The problem :: Retype the listing found below exactly, but leave out each picture.

Provided entries ::
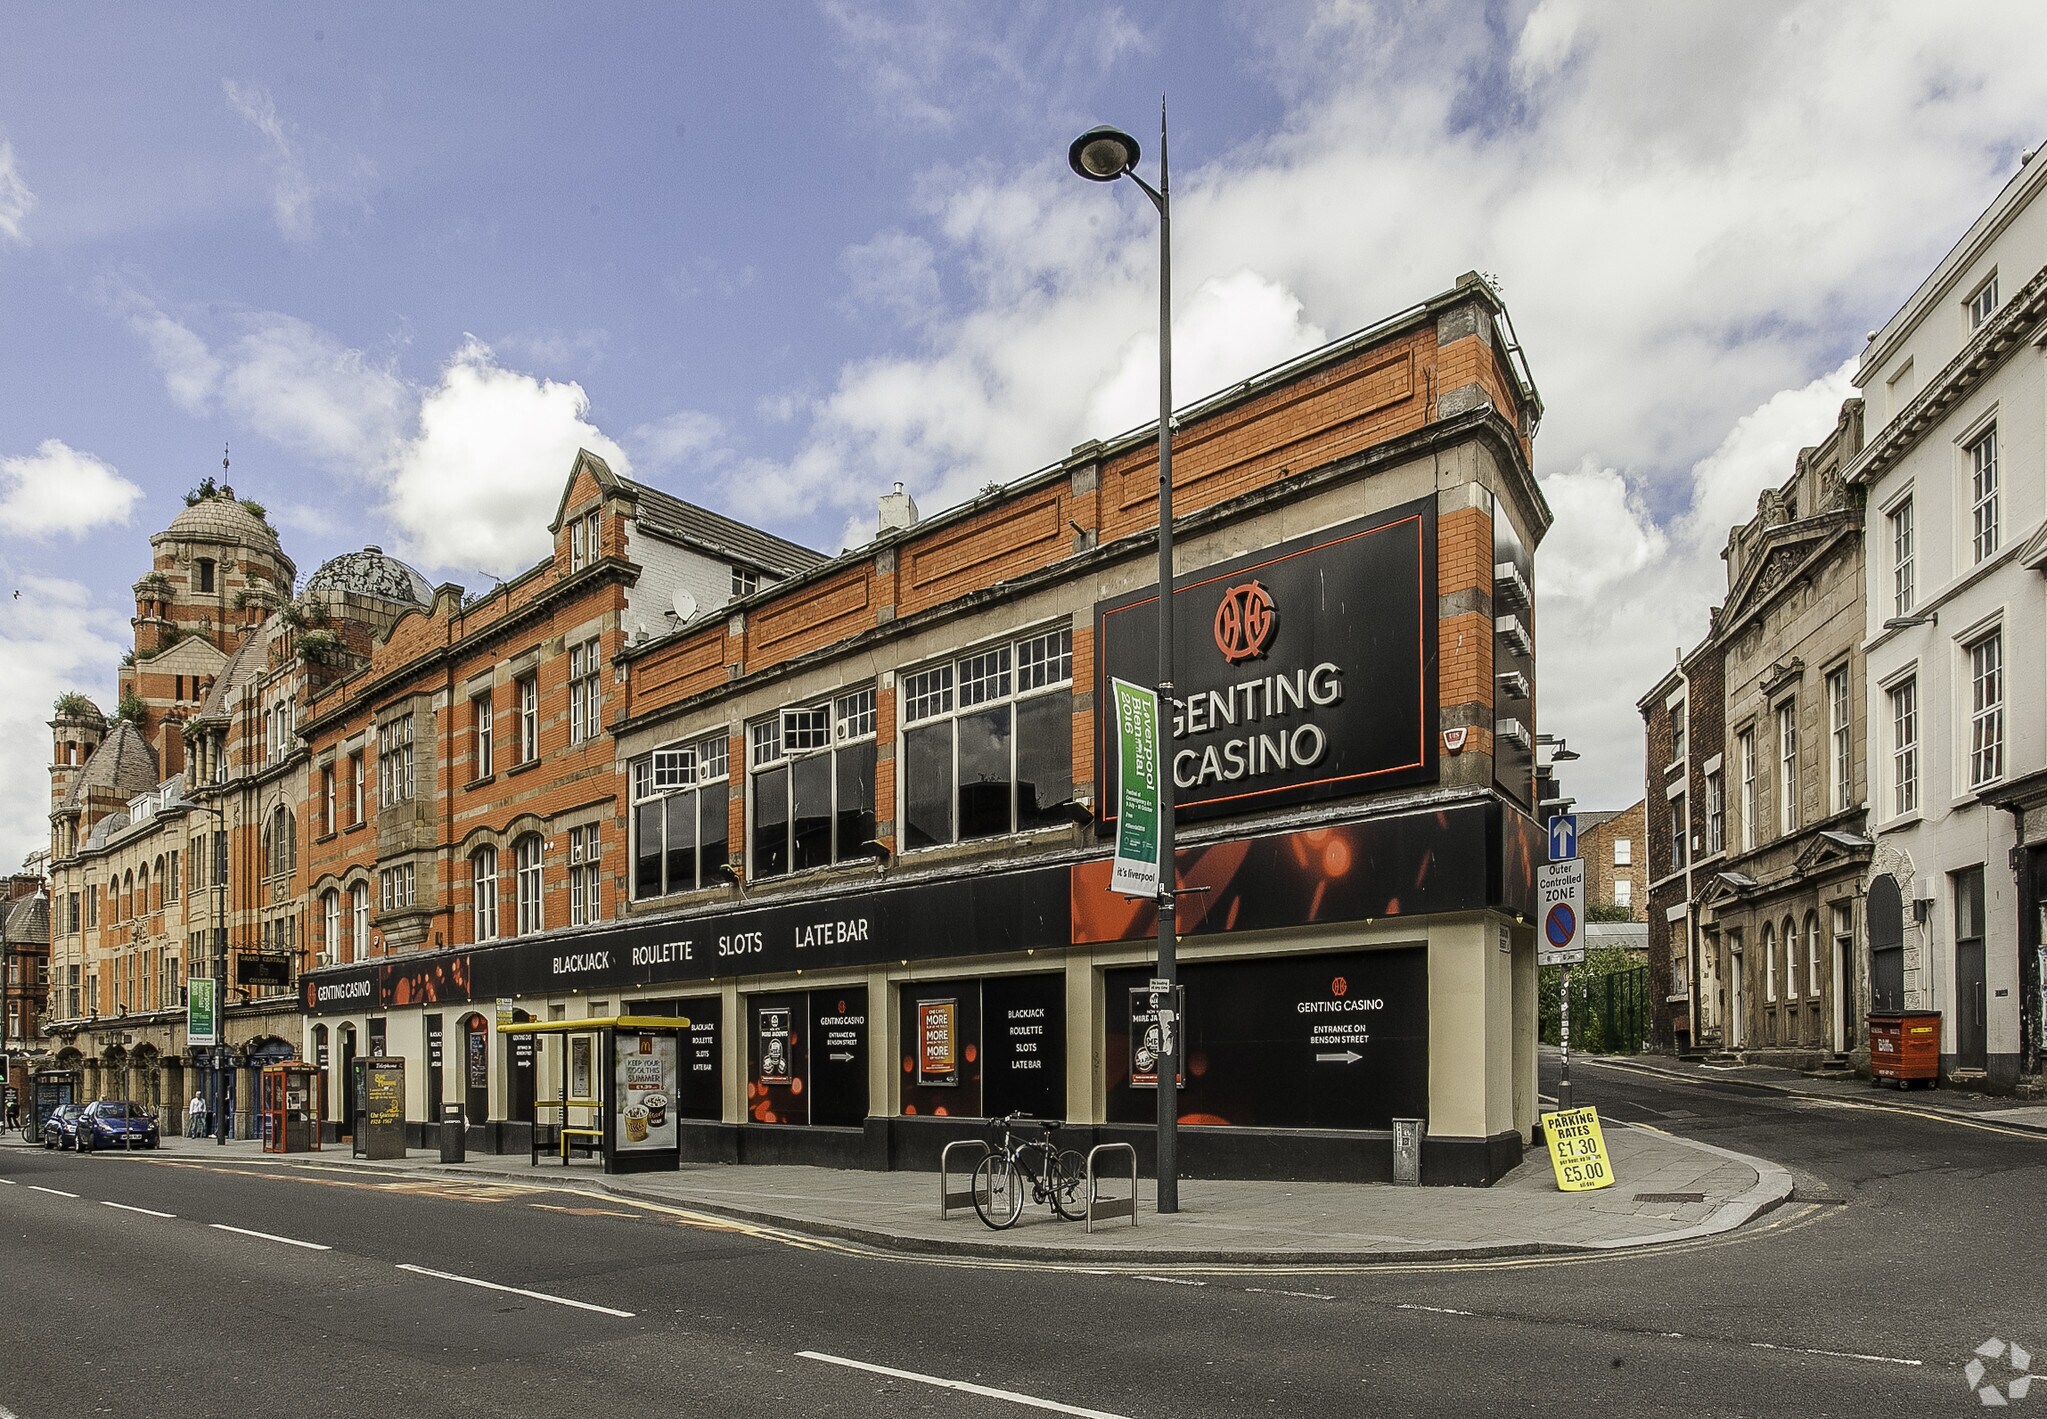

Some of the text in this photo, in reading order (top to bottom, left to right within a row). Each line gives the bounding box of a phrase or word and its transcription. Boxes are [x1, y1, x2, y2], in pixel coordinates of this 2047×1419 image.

[1121, 691, 1134, 735] 2016
[1174, 723, 1326, 788] CASINO
[1117, 867, 1155, 882] it's liverpool
[1549, 865, 1572, 875] Outer
[1540, 874, 1582, 889] Controlled
[1546, 887, 1575, 902] ZONE
[553, 918, 868, 974] BLACKJACK ROULETTE SLOTS LATE BAR
[318, 980, 370, 1001] GENTING CASINO
[1297, 999, 1384, 1013] GENTING CASINO
[926, 1014, 948, 1025] MORE
[1008, 1008, 1045, 1019] BLACKJACK
[820, 1016, 865, 1026] GENTING CASINO
[926, 1030, 948, 1041] MORE
[1010, 1026, 1043, 1035] ROULETTE
[1314, 1024, 1366, 1034] ENTRANCE ON
[1310, 1035, 1369, 1044] BENSON STREET
[927, 1046, 949, 1056] MORE
[1016, 1043, 1037, 1052] SLOTS
[1012, 1060, 1041, 1069] LATE BAR
[1548, 1112, 1595, 1129] PARKING
[1558, 1125, 1590, 1139] RATES
[1557, 1138, 1597, 1157] £130
[1564, 1162, 1604, 1182] £5.00
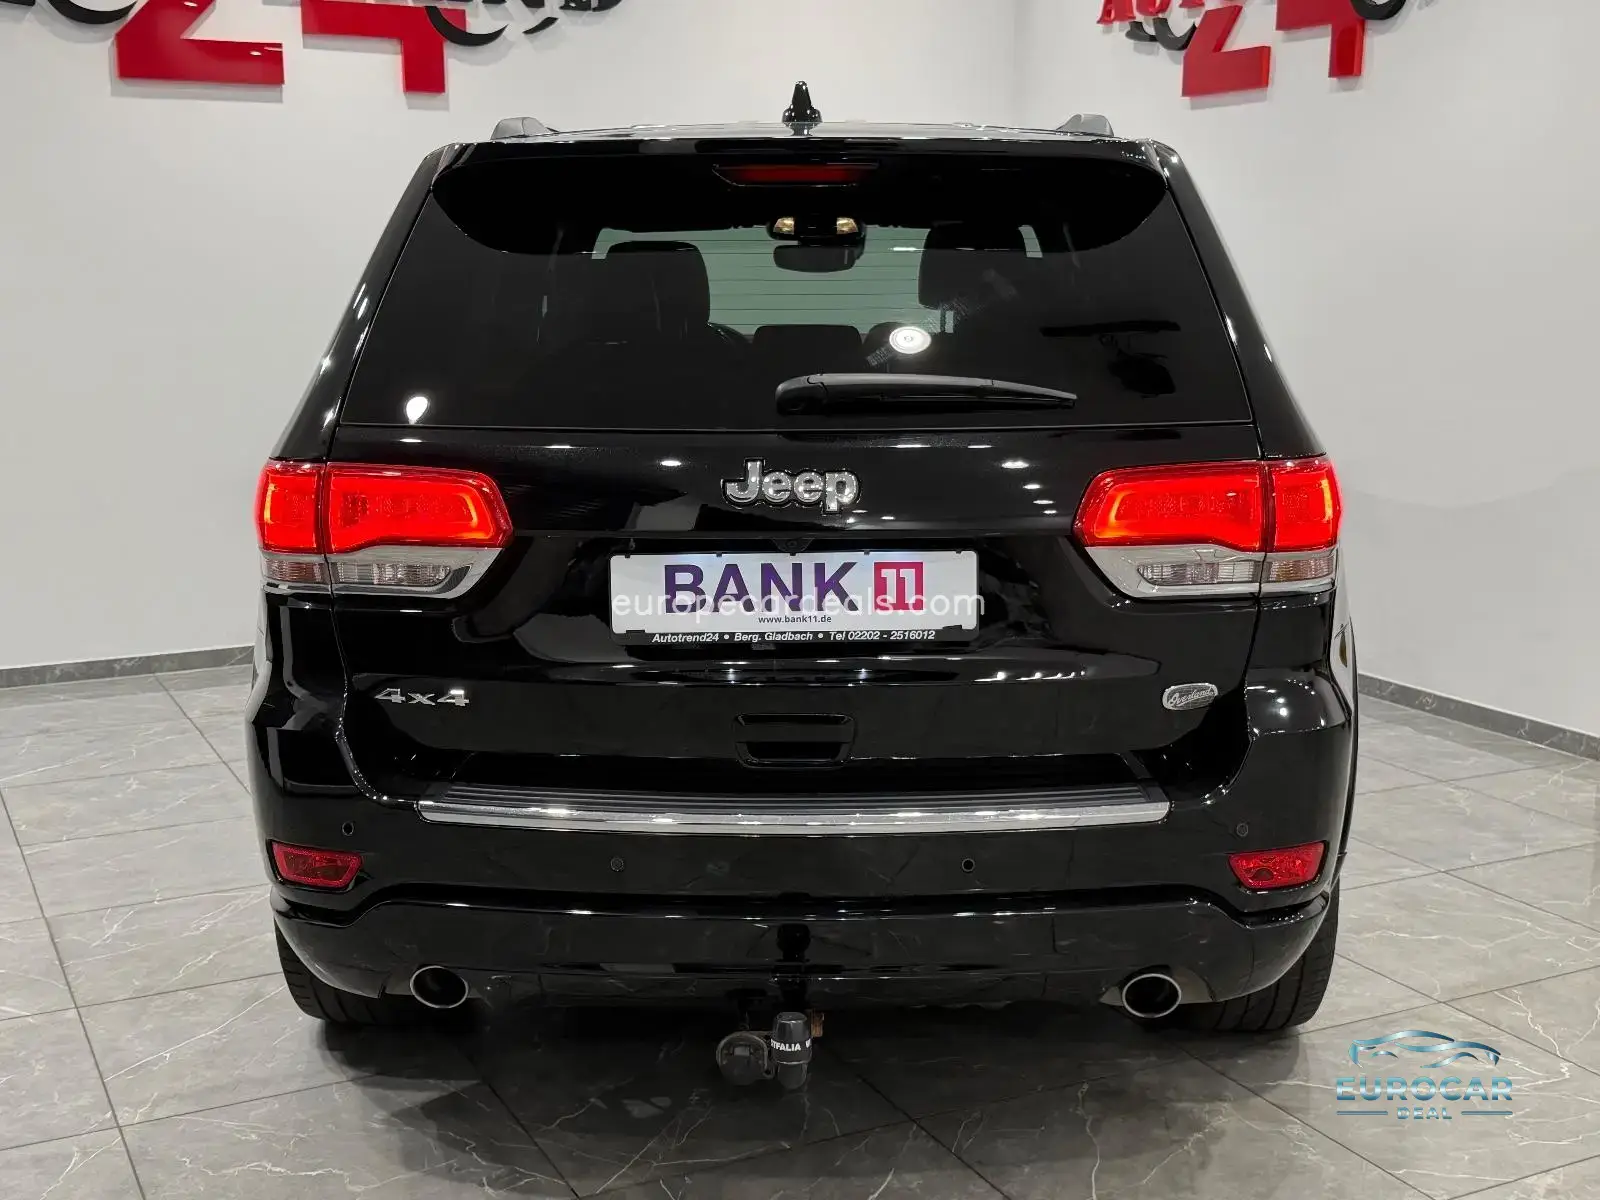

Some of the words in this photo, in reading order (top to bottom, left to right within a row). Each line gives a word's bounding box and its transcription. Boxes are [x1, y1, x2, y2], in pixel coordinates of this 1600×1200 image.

Finished exercise ::
Some of the text in this photo, in reading order (top to bottom, left to right within a row). Each line gives the bounding box of a phrase or word and its transcription. Boxes are [x1, y1, x2, y2], in pixel coordinates of this 2047×1419 image.

[1121, 691, 1134, 735] 2016
[1174, 723, 1326, 788] CASINO
[1117, 867, 1155, 882] it's liverpool
[1549, 865, 1572, 875] Outer
[1540, 874, 1582, 889] Controlled
[1546, 887, 1575, 902] ZONE
[553, 918, 868, 974] BLACKJACK ROULETTE SLOTS LATE BAR
[318, 980, 370, 1001] GENTING CASINO
[1297, 999, 1384, 1013] GENTING CASINO
[926, 1014, 948, 1025] MORE
[1008, 1008, 1045, 1019] BLACKJACK
[820, 1016, 865, 1026] GENTING CASINO
[926, 1030, 948, 1041] MORE
[1010, 1026, 1043, 1035] ROULETTE
[1314, 1024, 1366, 1034] ENTRANCE ON
[1310, 1035, 1369, 1044] BENSON STREET
[927, 1046, 949, 1056] MORE
[1016, 1043, 1037, 1052] SLOTS
[1012, 1060, 1041, 1069] LATE BAR
[1548, 1112, 1595, 1129] PARKING
[1558, 1125, 1590, 1139] RATES
[1557, 1138, 1597, 1157] £130
[1564, 1162, 1604, 1182] £5.00

Some of the words in this photo, in reading order (top to bottom, left to right within a row). Each line gives a word's bounding box and its transcription. Boxes are [x1, y1, x2, y2], in pixel coordinates of this 1600×1200 image.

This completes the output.